## PROVIDED RECORDS
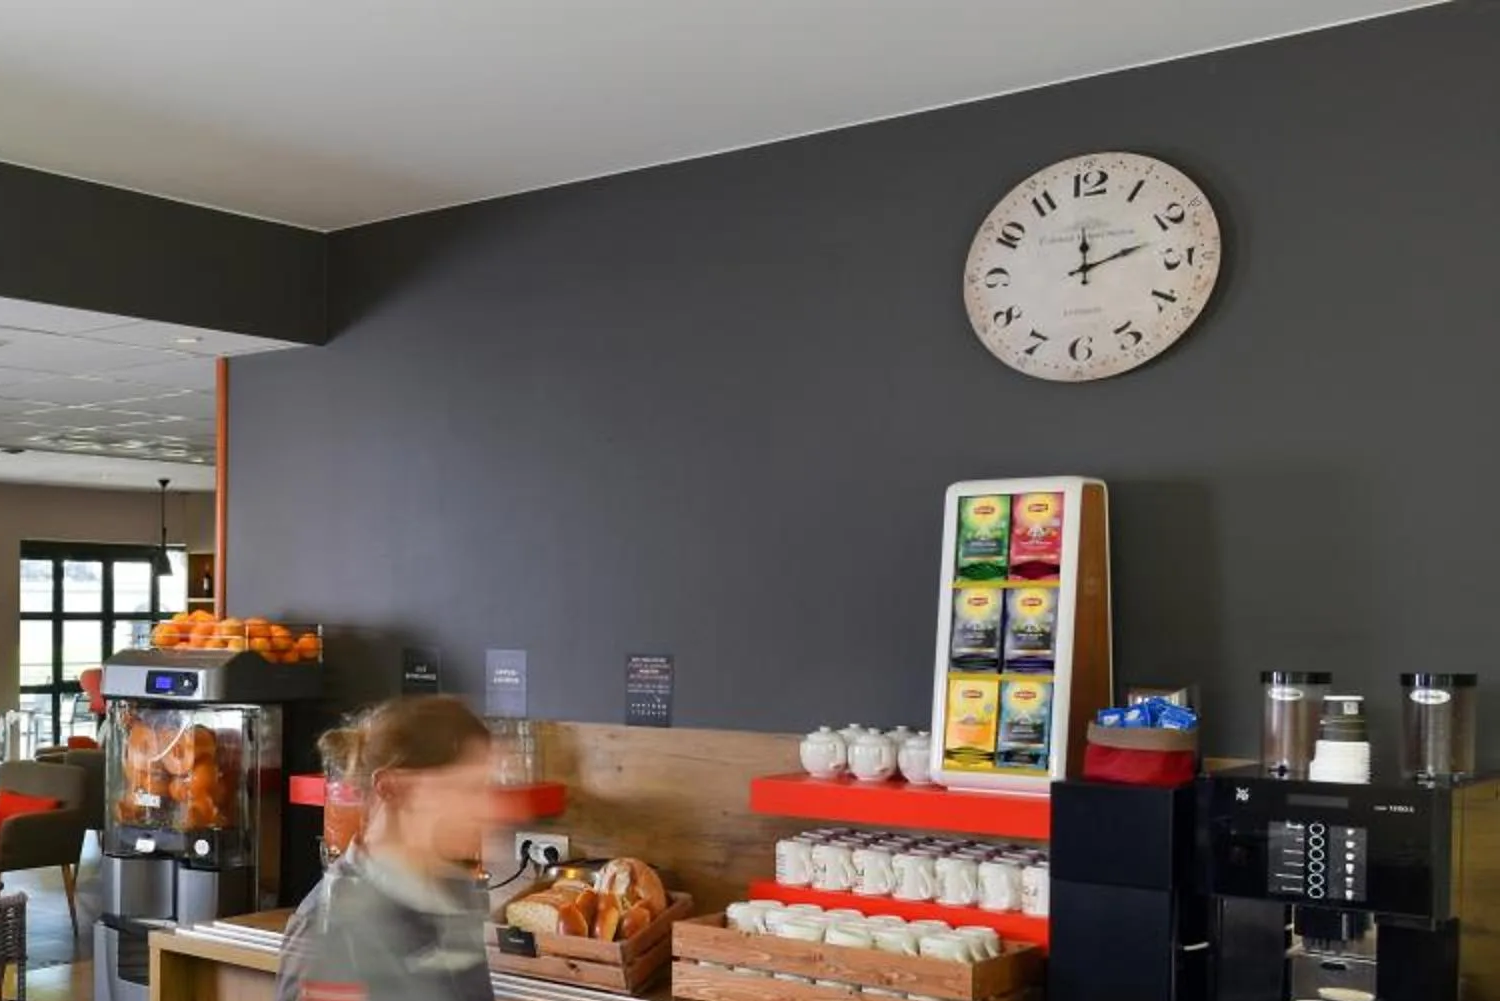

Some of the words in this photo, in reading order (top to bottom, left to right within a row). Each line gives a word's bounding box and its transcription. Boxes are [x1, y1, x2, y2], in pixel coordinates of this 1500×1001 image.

[1073, 169, 1109, 198] 12
[1126, 179, 1145, 202] 1
[1031, 189, 1057, 217] 11
[1153, 201, 1186, 231] 2
[996, 220, 1026, 249] 10
[1163, 247, 1196, 271] 3
[984, 267, 1011, 289] 9
[992, 303, 1023, 328] 8
[1024, 328, 1050, 356] 7
[1067, 335, 1094, 363] 6
[1113, 320, 1143, 351] 5
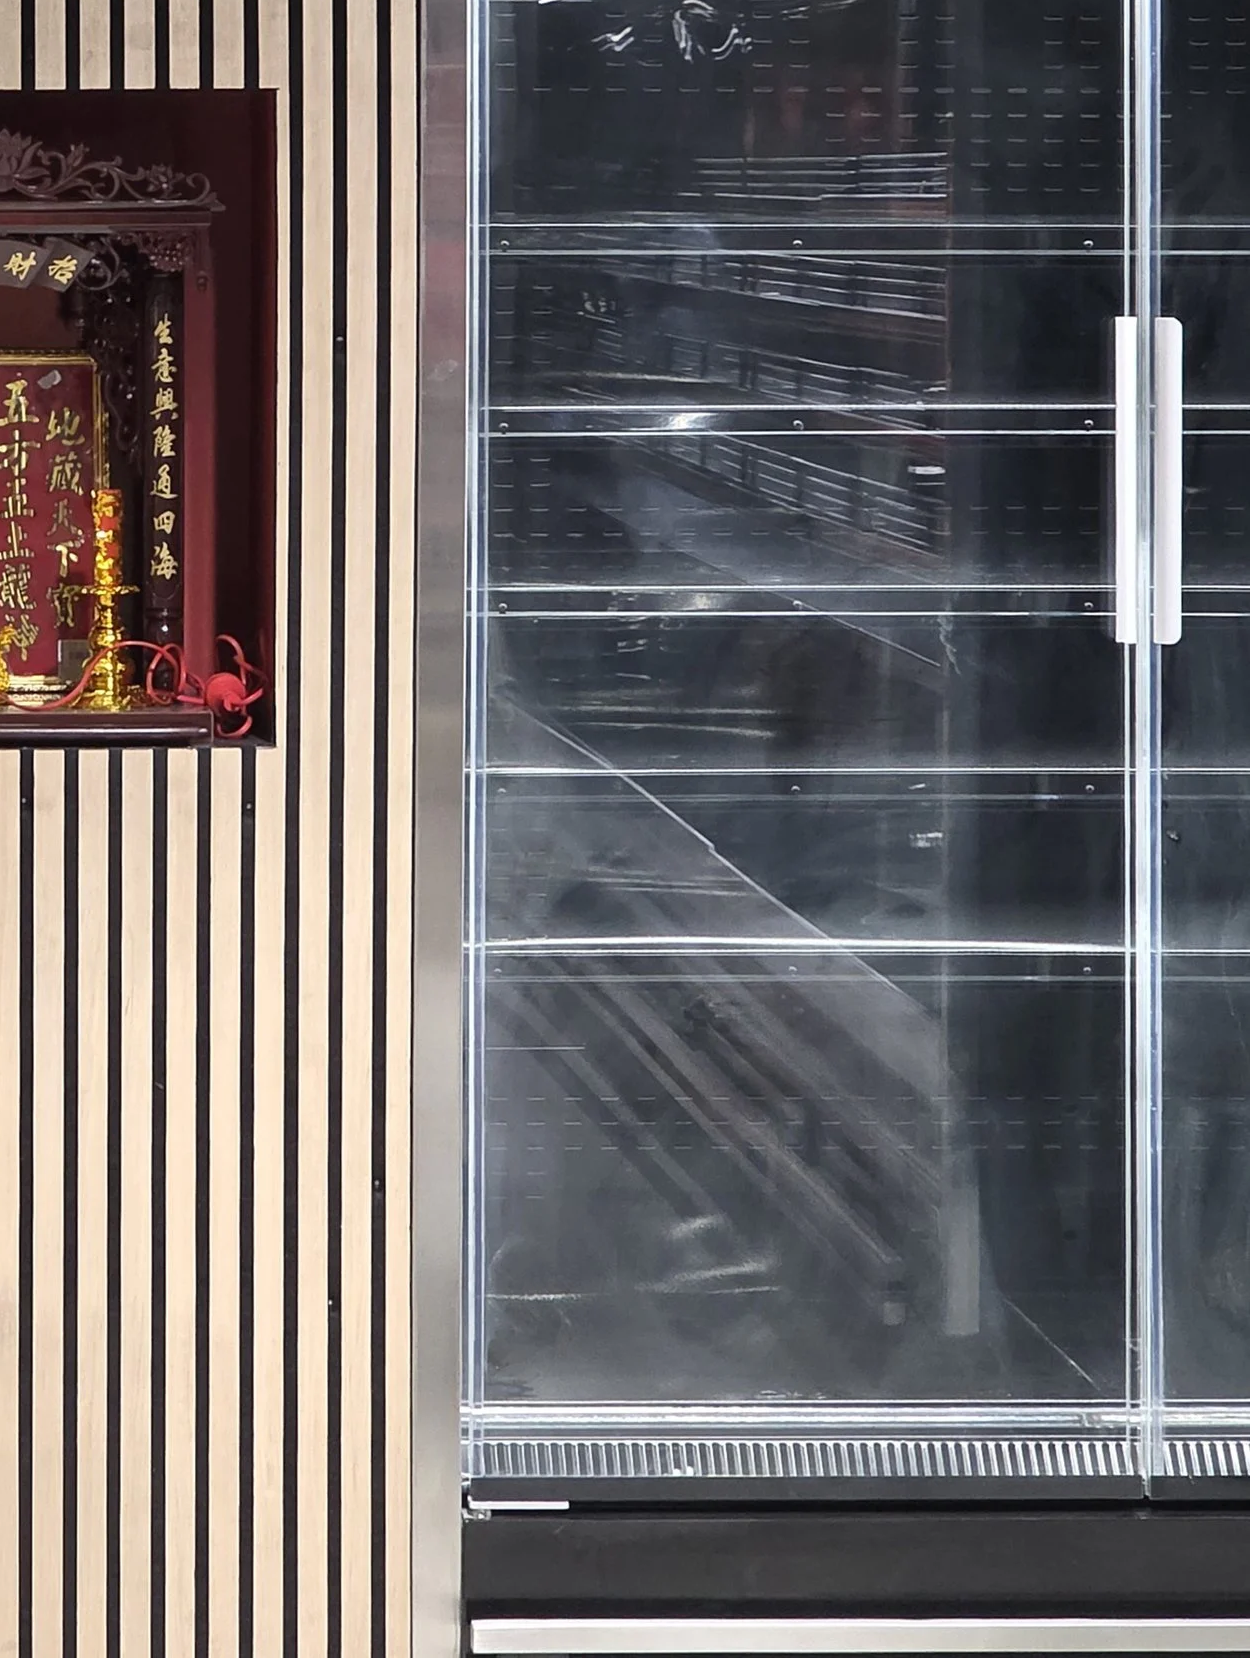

## TASK DESCRIPTION
The task calls for repeating each line above exactly while excluding the pictures.

## RESPONSE AREA
Some of the words in this photo, in reading order (top to bottom, left to right within a row). Each line gives a word's bounding box and its transcription. Boxes are [x1, y1, x2, y2], in pixel coordinates of this 1500×1001 image.

[1073, 169, 1109, 198] 12
[1126, 179, 1145, 202] 1
[1031, 189, 1057, 217] 11
[1153, 201, 1186, 231] 2
[996, 220, 1026, 249] 10
[1163, 247, 1196, 271] 3
[984, 267, 1011, 289] 9
[992, 303, 1023, 328] 8
[1024, 328, 1050, 356] 7
[1067, 335, 1094, 363] 6
[1113, 320, 1143, 351] 5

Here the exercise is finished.